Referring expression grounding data
════════

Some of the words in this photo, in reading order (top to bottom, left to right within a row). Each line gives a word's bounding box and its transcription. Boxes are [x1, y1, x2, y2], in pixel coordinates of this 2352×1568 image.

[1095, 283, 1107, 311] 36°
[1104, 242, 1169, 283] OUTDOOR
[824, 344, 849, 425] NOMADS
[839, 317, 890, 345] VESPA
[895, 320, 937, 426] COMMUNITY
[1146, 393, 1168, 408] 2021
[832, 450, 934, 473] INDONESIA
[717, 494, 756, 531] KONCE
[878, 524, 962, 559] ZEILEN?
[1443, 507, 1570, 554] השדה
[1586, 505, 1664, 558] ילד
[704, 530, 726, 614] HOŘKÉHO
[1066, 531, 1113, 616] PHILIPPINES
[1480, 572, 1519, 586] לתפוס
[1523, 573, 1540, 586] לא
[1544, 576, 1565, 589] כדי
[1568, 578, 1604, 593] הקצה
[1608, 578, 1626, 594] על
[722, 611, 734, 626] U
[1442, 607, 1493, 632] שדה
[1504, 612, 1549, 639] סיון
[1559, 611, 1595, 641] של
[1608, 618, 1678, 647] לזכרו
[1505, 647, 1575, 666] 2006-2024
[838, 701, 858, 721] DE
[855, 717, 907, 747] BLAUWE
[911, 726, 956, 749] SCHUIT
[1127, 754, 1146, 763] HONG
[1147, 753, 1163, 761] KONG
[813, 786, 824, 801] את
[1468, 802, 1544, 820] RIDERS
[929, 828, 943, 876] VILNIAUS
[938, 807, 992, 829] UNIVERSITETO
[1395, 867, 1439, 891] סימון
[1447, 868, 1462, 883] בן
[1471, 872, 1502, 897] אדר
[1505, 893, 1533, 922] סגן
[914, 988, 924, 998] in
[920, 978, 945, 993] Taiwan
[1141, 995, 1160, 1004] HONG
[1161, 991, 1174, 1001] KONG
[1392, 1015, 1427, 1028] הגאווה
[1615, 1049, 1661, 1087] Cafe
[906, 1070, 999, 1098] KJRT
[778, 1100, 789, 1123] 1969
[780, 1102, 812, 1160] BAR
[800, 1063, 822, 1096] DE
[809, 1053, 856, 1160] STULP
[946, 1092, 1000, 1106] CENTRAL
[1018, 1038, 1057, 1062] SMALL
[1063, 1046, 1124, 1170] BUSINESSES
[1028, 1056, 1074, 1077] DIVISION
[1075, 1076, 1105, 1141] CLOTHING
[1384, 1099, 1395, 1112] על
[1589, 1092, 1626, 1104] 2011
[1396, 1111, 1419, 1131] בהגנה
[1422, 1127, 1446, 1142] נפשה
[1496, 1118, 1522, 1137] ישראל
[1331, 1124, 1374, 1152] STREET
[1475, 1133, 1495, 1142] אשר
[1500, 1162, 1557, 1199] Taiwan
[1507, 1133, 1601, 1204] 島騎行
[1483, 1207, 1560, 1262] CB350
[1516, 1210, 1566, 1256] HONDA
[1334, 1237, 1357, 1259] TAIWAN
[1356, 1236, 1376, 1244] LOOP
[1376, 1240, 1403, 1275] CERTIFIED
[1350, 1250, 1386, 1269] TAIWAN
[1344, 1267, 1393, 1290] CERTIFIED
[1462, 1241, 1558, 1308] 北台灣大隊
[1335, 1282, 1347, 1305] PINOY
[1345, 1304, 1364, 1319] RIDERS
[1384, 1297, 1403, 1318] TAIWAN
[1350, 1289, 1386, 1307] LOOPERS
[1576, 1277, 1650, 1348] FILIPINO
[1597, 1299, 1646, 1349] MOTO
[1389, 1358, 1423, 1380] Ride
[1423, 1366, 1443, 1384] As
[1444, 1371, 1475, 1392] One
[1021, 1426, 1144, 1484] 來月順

════════

About this task -> Print out each record above exactly, with nothing omitted.

Output below ->
Some of the words in this photo, in reading order (top to bottom, left to right within a row). Each line gives a word's bounding box and its transcription. Boxes are [x1, y1, x2, y2], in pixel coordinates of this 2352×1568 image.

[1095, 283, 1107, 311] 36°
[1104, 242, 1169, 283] OUTDOOR
[824, 344, 849, 425] NOMADS
[839, 317, 890, 345] VESPA
[895, 320, 937, 426] COMMUNITY
[1146, 393, 1168, 408] 2021
[832, 450, 934, 473] INDONESIA
[717, 494, 756, 531] KONCE
[878, 524, 962, 559] ZEILEN?
[1443, 507, 1570, 554] השדה
[1586, 505, 1664, 558] ילד
[704, 530, 726, 614] HOŘKÉHO
[1066, 531, 1113, 616] PHILIPPINES
[1480, 572, 1519, 586] לתפוס
[1523, 573, 1540, 586] לא
[1544, 576, 1565, 589] כדי
[1568, 578, 1604, 593] הקצה
[1608, 578, 1626, 594] על
[722, 611, 734, 626] U
[1442, 607, 1493, 632] שדה
[1504, 612, 1549, 639] סיון
[1559, 611, 1595, 641] של
[1608, 618, 1678, 647] לזכרו
[1505, 647, 1575, 666] 2006-2024
[838, 701, 858, 721] DE
[855, 717, 907, 747] BLAUWE
[911, 726, 956, 749] SCHUIT
[1127, 754, 1146, 763] HONG
[1147, 753, 1163, 761] KONG
[813, 786, 824, 801] את
[1468, 802, 1544, 820] RIDERS
[929, 828, 943, 876] VILNIAUS
[938, 807, 992, 829] UNIVERSITETO
[1395, 867, 1439, 891] סימון
[1447, 868, 1462, 883] בן
[1471, 872, 1502, 897] אדר
[1505, 893, 1533, 922] סגן
[914, 988, 924, 998] in
[920, 978, 945, 993] Taiwan
[1141, 995, 1160, 1004] HONG
[1161, 991, 1174, 1001] KONG
[1392, 1015, 1427, 1028] הגאווה
[1615, 1049, 1661, 1087] Cafe
[906, 1070, 999, 1098] KJRT
[778, 1100, 789, 1123] 1969
[780, 1102, 812, 1160] BAR
[800, 1063, 822, 1096] DE
[809, 1053, 856, 1160] STULP
[946, 1092, 1000, 1106] CENTRAL
[1018, 1038, 1057, 1062] SMALL
[1063, 1046, 1124, 1170] BUSINESSES
[1028, 1056, 1074, 1077] DIVISION
[1075, 1076, 1105, 1141] CLOTHING
[1384, 1099, 1395, 1112] על
[1589, 1092, 1626, 1104] 2011
[1396, 1111, 1419, 1131] בהגנה
[1422, 1127, 1446, 1142] נפשה
[1496, 1118, 1522, 1137] ישראל
[1331, 1124, 1374, 1152] STREET
[1475, 1133, 1495, 1142] אשר
[1500, 1162, 1557, 1199] Taiwan
[1507, 1133, 1601, 1204] 島騎行
[1483, 1207, 1560, 1262] CB350
[1516, 1210, 1566, 1256] HONDA
[1334, 1237, 1357, 1259] TAIWAN
[1356, 1236, 1376, 1244] LOOP
[1376, 1240, 1403, 1275] CERTIFIED
[1350, 1250, 1386, 1269] TAIWAN
[1344, 1267, 1393, 1290] CERTIFIED
[1462, 1241, 1558, 1308] 北台灣大隊
[1335, 1282, 1347, 1305] PINOY
[1345, 1304, 1364, 1319] RIDERS
[1384, 1297, 1403, 1318] TAIWAN
[1350, 1289, 1386, 1307] LOOPERS
[1576, 1277, 1650, 1348] FILIPINO
[1597, 1299, 1646, 1349] MOTO
[1389, 1358, 1423, 1380] Ride
[1423, 1366, 1443, 1384] As
[1444, 1371, 1475, 1392] One
[1021, 1426, 1144, 1484] 來月順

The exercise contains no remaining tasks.